How Ingenuity landed on Mars
Packed away safely within Perseverance’s belly, Ingenuity survived the landing on Mars and a year on the planet’s surface.
But before it flew under its own steam, the helicopter’s first trip through Mars’ sky technically began as a 12,500 miles (20,000 kilometers) per hour downward plunge.
The parachute system, now lay strewn and broken along the Martian landscape, deployed when the mission was about 6 miles (9.5 kilometers) above the planet’s surface and snagged the thin Martian air for less than two minutes.

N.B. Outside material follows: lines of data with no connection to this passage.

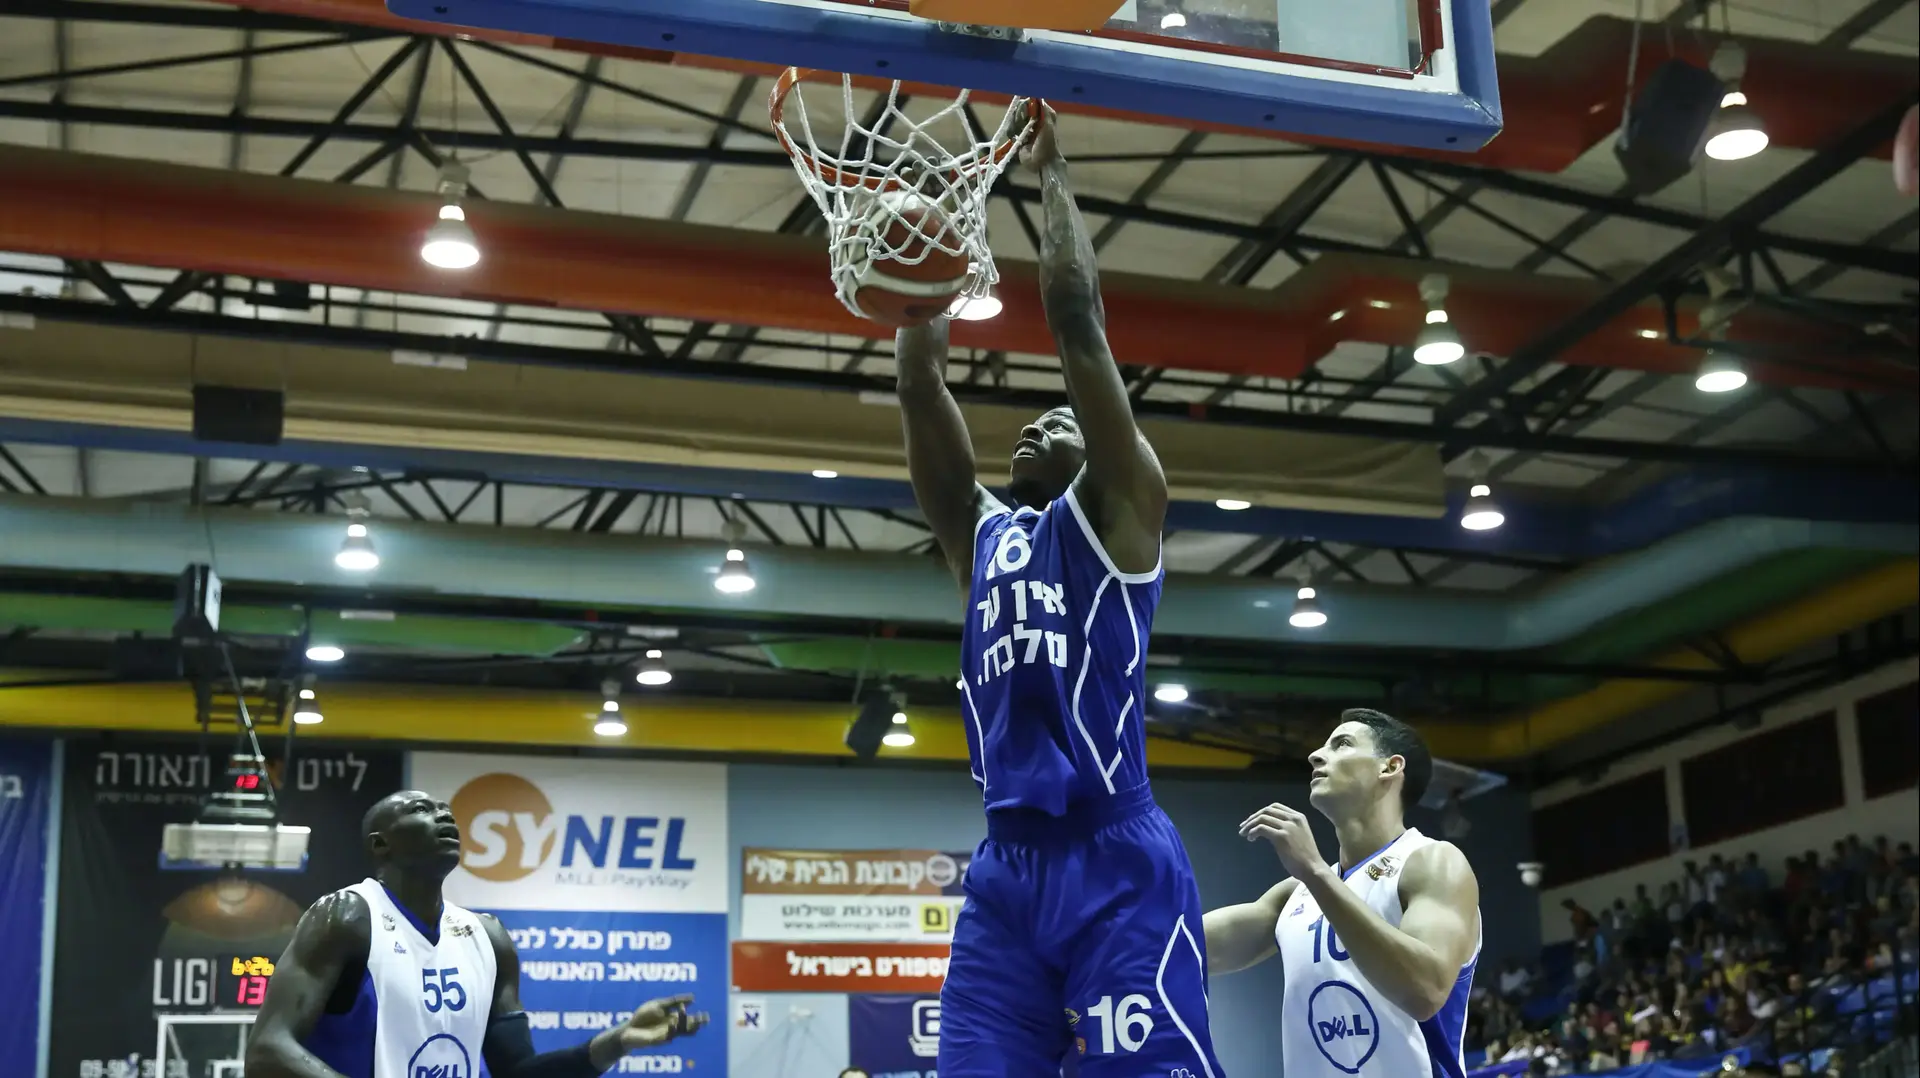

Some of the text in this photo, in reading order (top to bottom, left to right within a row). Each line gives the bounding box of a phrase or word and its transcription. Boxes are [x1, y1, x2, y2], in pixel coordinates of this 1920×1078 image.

[1011, 579, 1067, 621] אין
[978, 623, 1067, 686] מלבדו.
[96, 752, 368, 791] לייט תאורה
[463, 808, 696, 872] SYNEL
[746, 854, 924, 891] קבוצת הבית שלי
[606, 930, 672, 956] פתרון
[608, 961, 698, 983] המשאב
[786, 950, 873, 976] בישראל
[237, 976, 267, 1005] 13
[422, 967, 467, 1013] 55
[1087, 993, 1154, 1054] 16
[1317, 1014, 1370, 1043] DEL
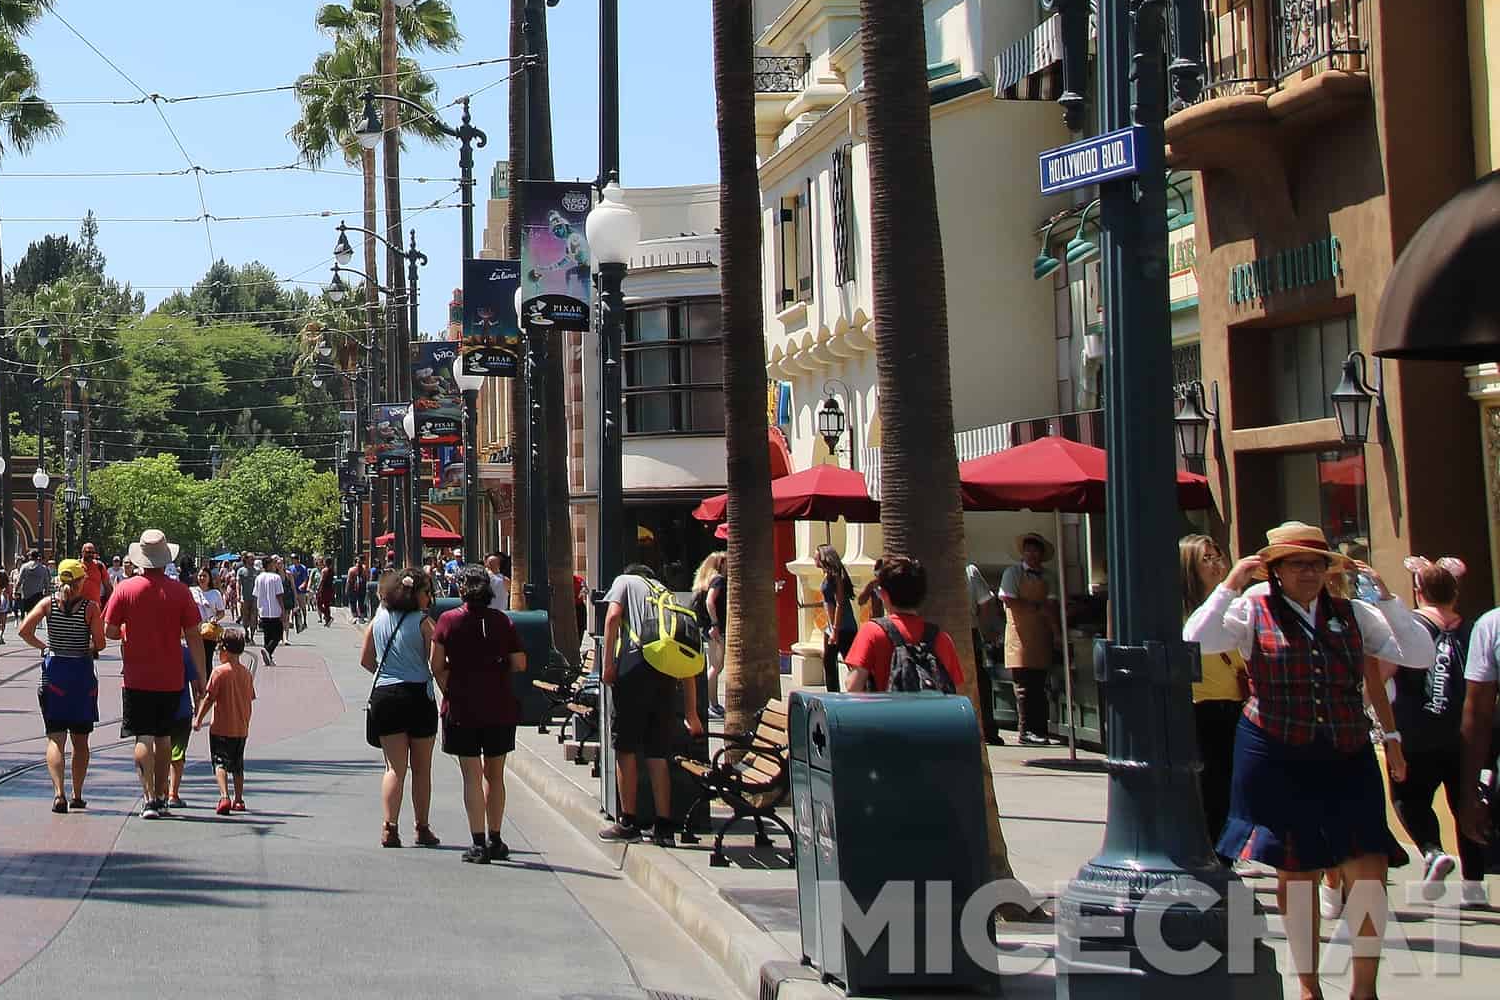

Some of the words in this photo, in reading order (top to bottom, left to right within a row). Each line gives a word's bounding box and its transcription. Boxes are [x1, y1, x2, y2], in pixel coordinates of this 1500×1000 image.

[1048, 147, 1098, 184] HOLLYWOOD
[1101, 140, 1126, 169] BLVD.
[553, 304, 583, 313] PIXAR
[432, 350, 454, 361] bao
[487, 355, 512, 363] PIXAR
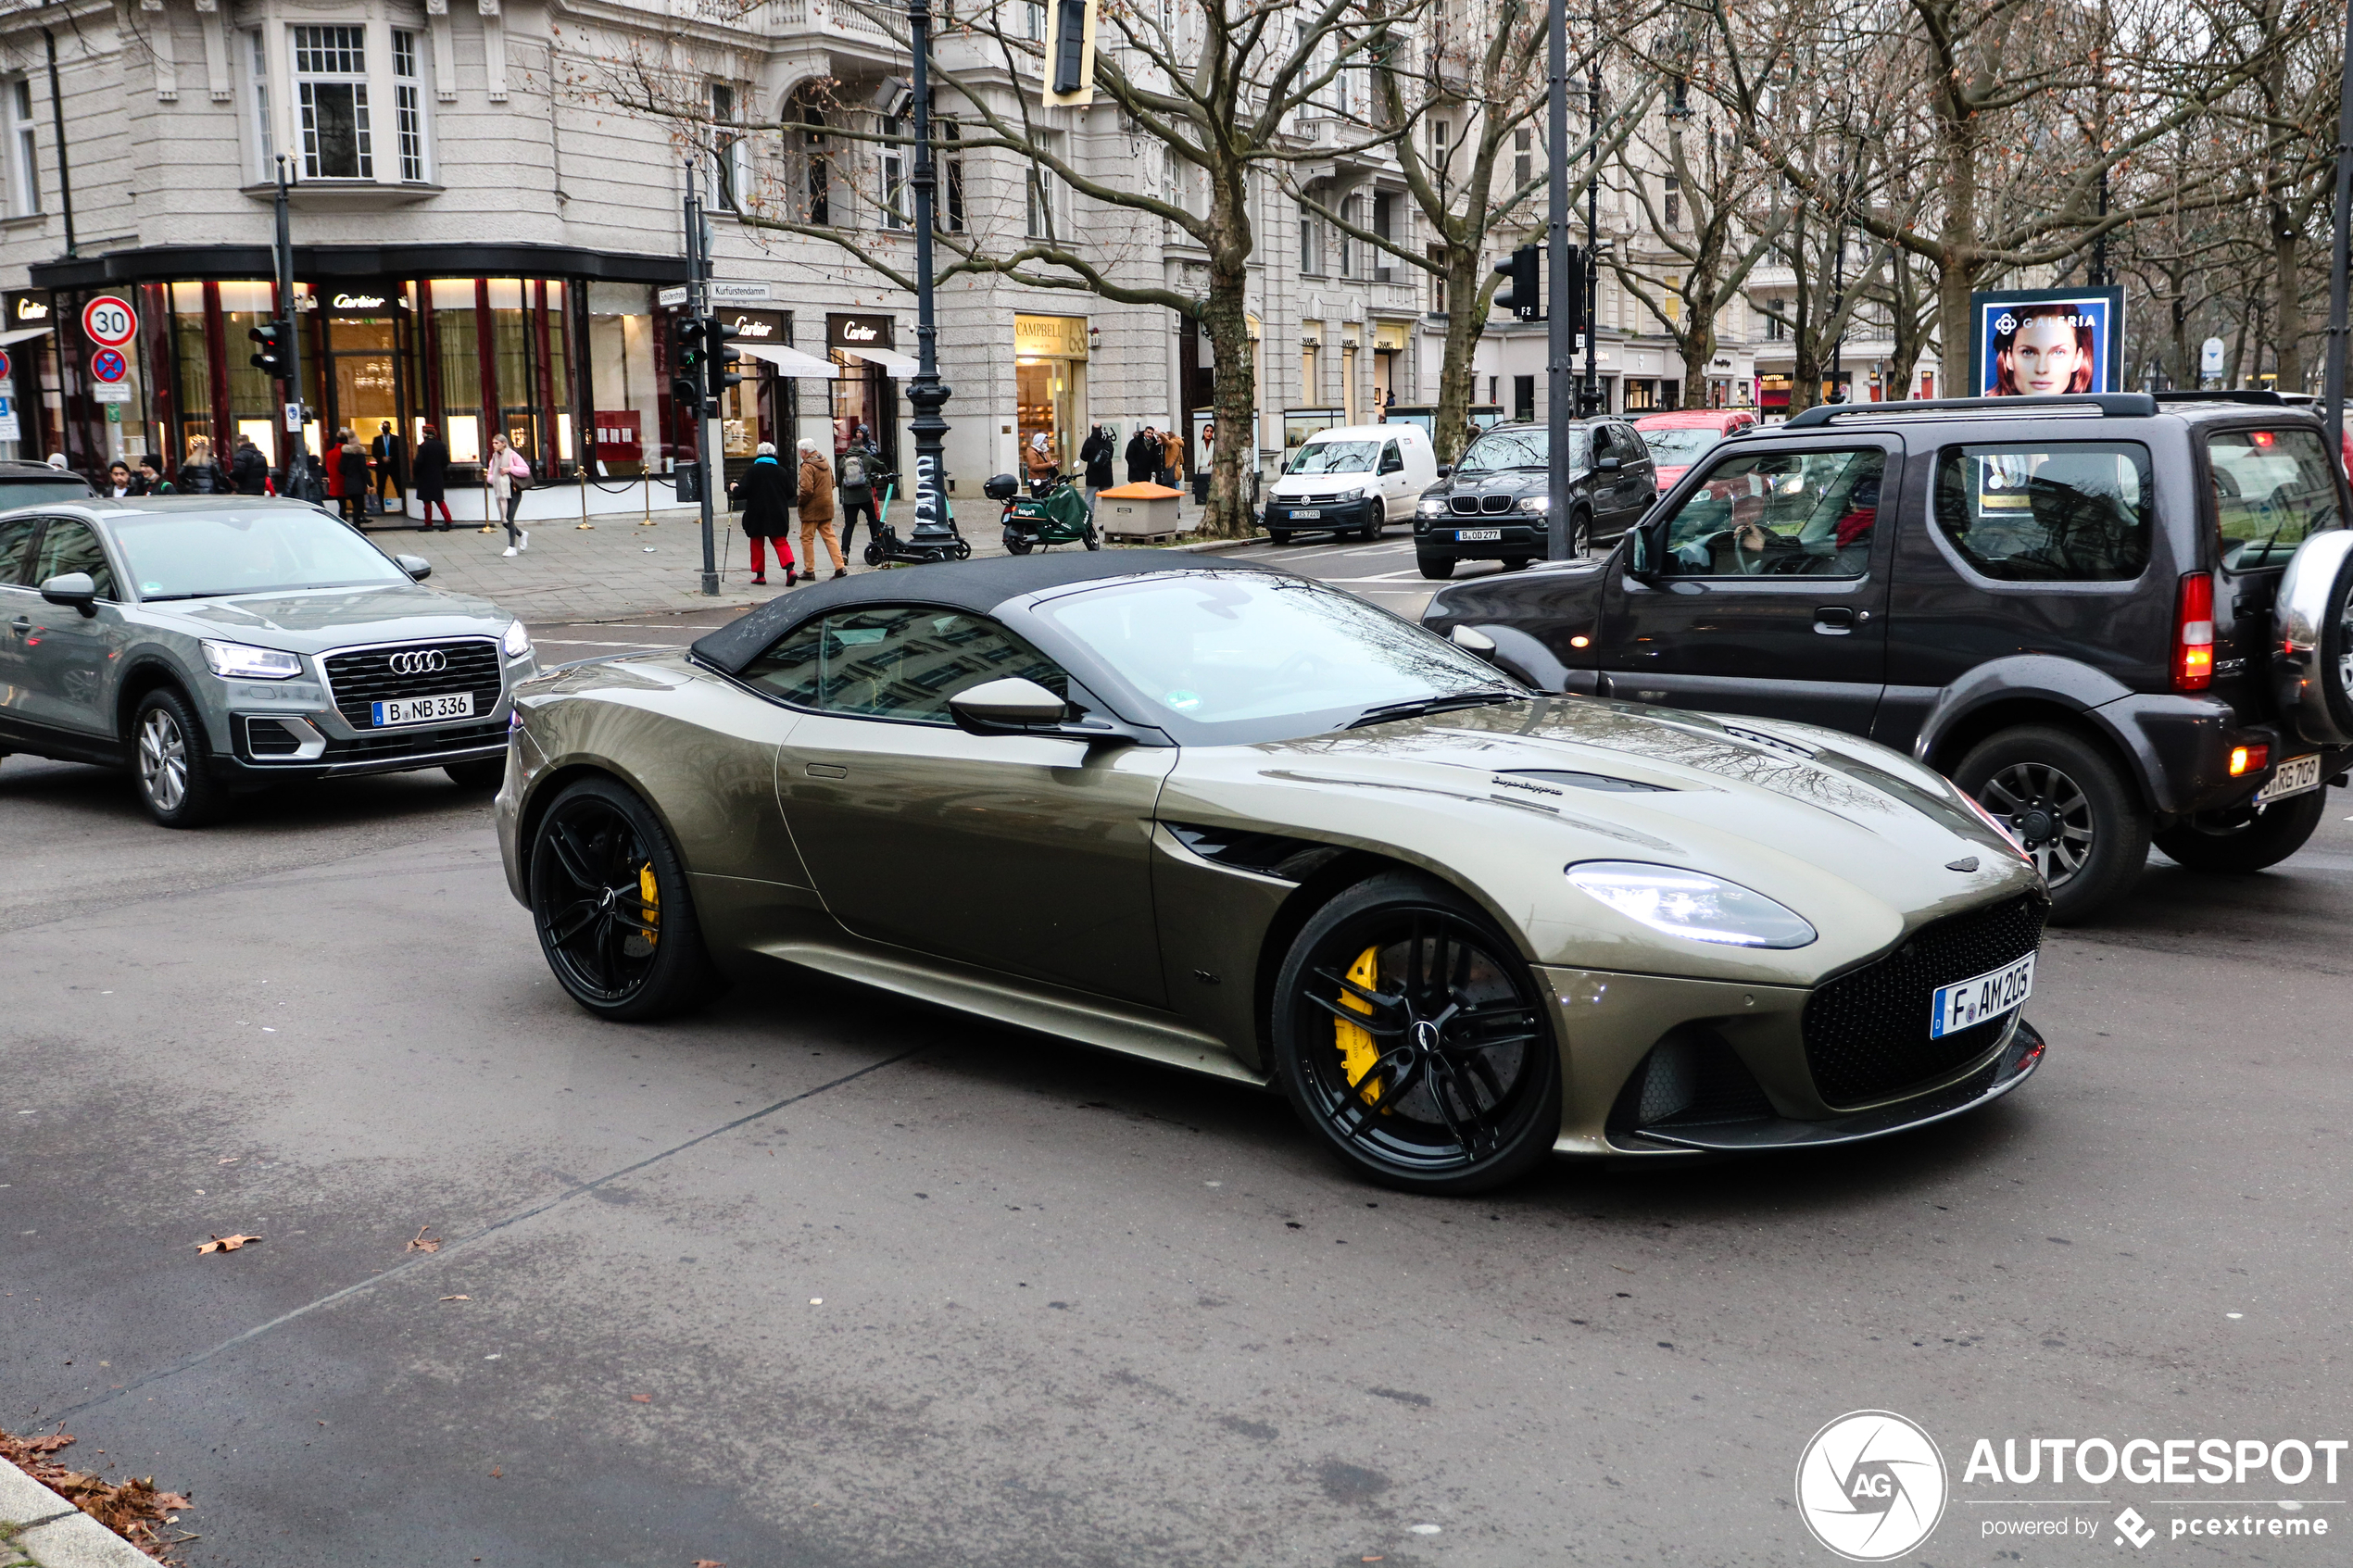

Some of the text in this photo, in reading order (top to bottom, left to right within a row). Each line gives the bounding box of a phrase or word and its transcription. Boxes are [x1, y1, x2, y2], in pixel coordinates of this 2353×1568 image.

[715, 285, 766, 295] Kurfürstendamm
[19, 298, 49, 320] Cartier
[333, 294, 385, 308] Cartier
[95, 311, 125, 333] 30
[735, 315, 773, 337] Cartier
[844, 320, 877, 341] Cartier
[1016, 322, 1063, 337] CAMPBELL
[2022, 314, 2096, 329] GALERIA
[1378, 341, 1394, 349] CHANEL
[1463, 532, 1468, 540] B
[1484, 531, 1498, 539] 277
[390, 703, 401, 721] B
[412, 700, 434, 719] NB
[438, 696, 467, 716] 336
[1953, 988, 1968, 1026] F
[1978, 975, 2003, 1017] AM
[2003, 961, 2030, 1007] 205

By the time the parachute and the backshell detached from the rover, they had cut through that rapid velocity down to about 246 feet (75 meters) per second before the “sky crane” descent stage completed the mission’s landing. All that hard work is evident in the landing gear’s current broken appearance. They hit the ground at about 78 miles (126 kilometers) per hour.
What’s next — Perseverance recently sped along Jezero Crater to a region called Three Forks. Ingenuity will use its sky surveys to help teams decide which path Perseverance should take uphill along a delta. When Perseverance reaches its targeted spot, it will be looking at the upstream region of two ancient converging bodies of water. This astrobiology mission will hunt for rocks that may have traveled from Martian neighborhoods that the rover itself won’t reach, augmenting its sampling.
Perseverance will seek out rocks that have signs of microbial life, which may have flourished billions of years ago on Mars thanks to its ancient lakes and rivers.